La Iglesia, maestra de la civilización

En el siglo iii de nuestra era, Roma afrontaba una terrible decadencia hacia su inevitable crepúsculo. ¿Desaparecería finalmente esa civilización?

Espero que a los actores de la discusión que presencié el otro día no se molesten si la describo a continuación tal y como la oí.

En un rincón de una sala de espera, leyendo en silencio, un sacerdote de sotana. A dos asientos de su lado, espatarrado en el sillón, un joven universitario con aires de erudito, a pesar de su actitud relajada. Sugerente contraste para un ensueño al que me entregué sin remordimientos…, pero no sin interrupciones. En poco tiempo, iniciada por el joven, se entabla una conversación entre los dos antagonistas. El volumen se fue intensificando hasta superar mi discreción. Empecé a escuchar.

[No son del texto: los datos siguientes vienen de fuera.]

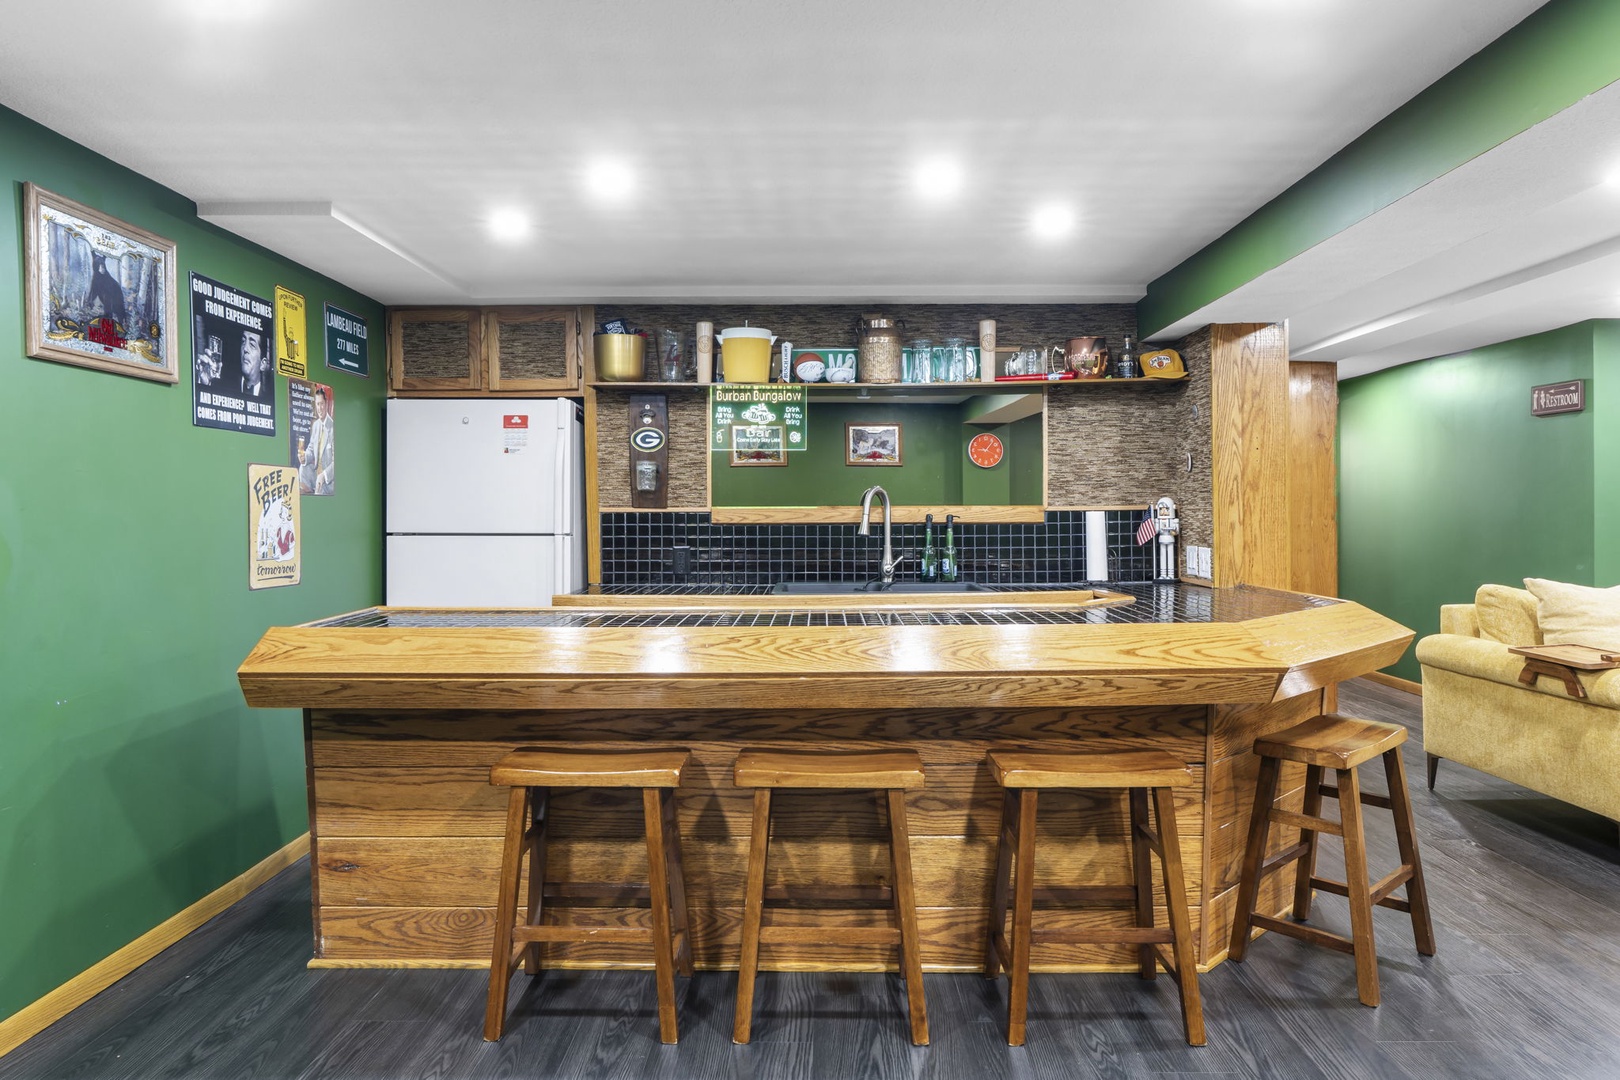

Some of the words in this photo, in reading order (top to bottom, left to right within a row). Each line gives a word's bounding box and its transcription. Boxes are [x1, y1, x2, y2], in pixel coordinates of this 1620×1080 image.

[193, 278, 213, 297] GOOD
[213, 286, 251, 311] JUDGEMENT
[251, 300, 273, 319] COMES
[205, 299, 225, 318] FROM
[225, 306, 264, 331] EXPERIENCE.
[326, 311, 353, 334] LAMBEAU
[353, 321, 368, 340] FIELD
[336, 337, 346, 351] 277
[346, 341, 359, 356] MILES
[200, 391, 212, 405] AND
[212, 393, 245, 410] EXPERIENCE?
[246, 401, 260, 414] WELL
[260, 403, 272, 416] THAT
[716, 390, 751, 401] Burban
[753, 390, 802, 404] Bungalow
[197, 406, 217, 421] COMES
[217, 409, 232, 424] FROM
[232, 412, 247, 426] POOR
[247, 415, 275, 430] JUDGEMENT.
[717, 406, 732, 414] Bring
[785, 418, 801, 426] Bring
[635, 431, 661, 448] G
[253, 469, 283, 505] FREE
[260, 476, 296, 518] BEER!
[256, 563, 297, 577] tomorrow

—Ya lo he dicho y vuelvo a repetir —reiteró el estudiante, blandiendo un dedo en ristre— que la Iglesia es y ha sido la enorme traba de la ciencia y del progreso. ¿Quiere una prueba?

—Le agradecería que me diera al menos una —contestó tranquilamente el sacerdote.

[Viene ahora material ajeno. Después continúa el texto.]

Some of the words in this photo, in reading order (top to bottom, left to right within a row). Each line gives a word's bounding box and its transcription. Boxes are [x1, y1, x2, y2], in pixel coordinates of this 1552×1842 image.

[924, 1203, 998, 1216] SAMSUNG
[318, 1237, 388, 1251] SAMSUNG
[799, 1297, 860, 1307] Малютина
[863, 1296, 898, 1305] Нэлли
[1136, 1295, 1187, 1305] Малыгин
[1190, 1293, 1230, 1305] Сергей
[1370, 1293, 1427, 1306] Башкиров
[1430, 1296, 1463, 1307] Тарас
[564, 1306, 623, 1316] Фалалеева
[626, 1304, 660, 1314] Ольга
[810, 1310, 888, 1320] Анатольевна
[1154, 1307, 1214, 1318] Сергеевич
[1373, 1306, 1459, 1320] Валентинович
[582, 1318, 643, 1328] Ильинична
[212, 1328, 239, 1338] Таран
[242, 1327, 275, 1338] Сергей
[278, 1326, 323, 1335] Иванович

—¡Dos! ¿Qué me dice usted del incomprendido Copérnico o de la hoguera de Galileo? ¿Es verdad o no —prosiguió el joven, más exaltado— que la Iglesia les impidió desarrollar sus innovadoras teorías?

—¿Qué le digo de esos casos? Que Copérnico era un sacerdote dominico muy favorecido por el papa Pablo IV y que la hoguera de Galileo es tan falsa como auténtica fue la amistad de Urbano VIII, y la de tantos otros cardenales y eclesiásticos, para con el astrónomo…

—Ya. Y en aquella época oscura como lo era la Edad Media —volvió a la carga el joven—, ¿quién gobernaba sino la Iglesia? ¿Quién sino ella impedía la alfabetización del pueblo? Sólo gracias a la imprenta de Gutenberg, que se extendió por Europa como la pólvora, se salvó la cultura.

—Es increíble —observó el clérigo— que las letras estampadas en las imprentas de Gutenberg se hayan extendido tan rápidamente en un continente de analfabetos, ¿no es así? Casi tan milagroso como el desarrollo de la pintura en una tierra de ciegos…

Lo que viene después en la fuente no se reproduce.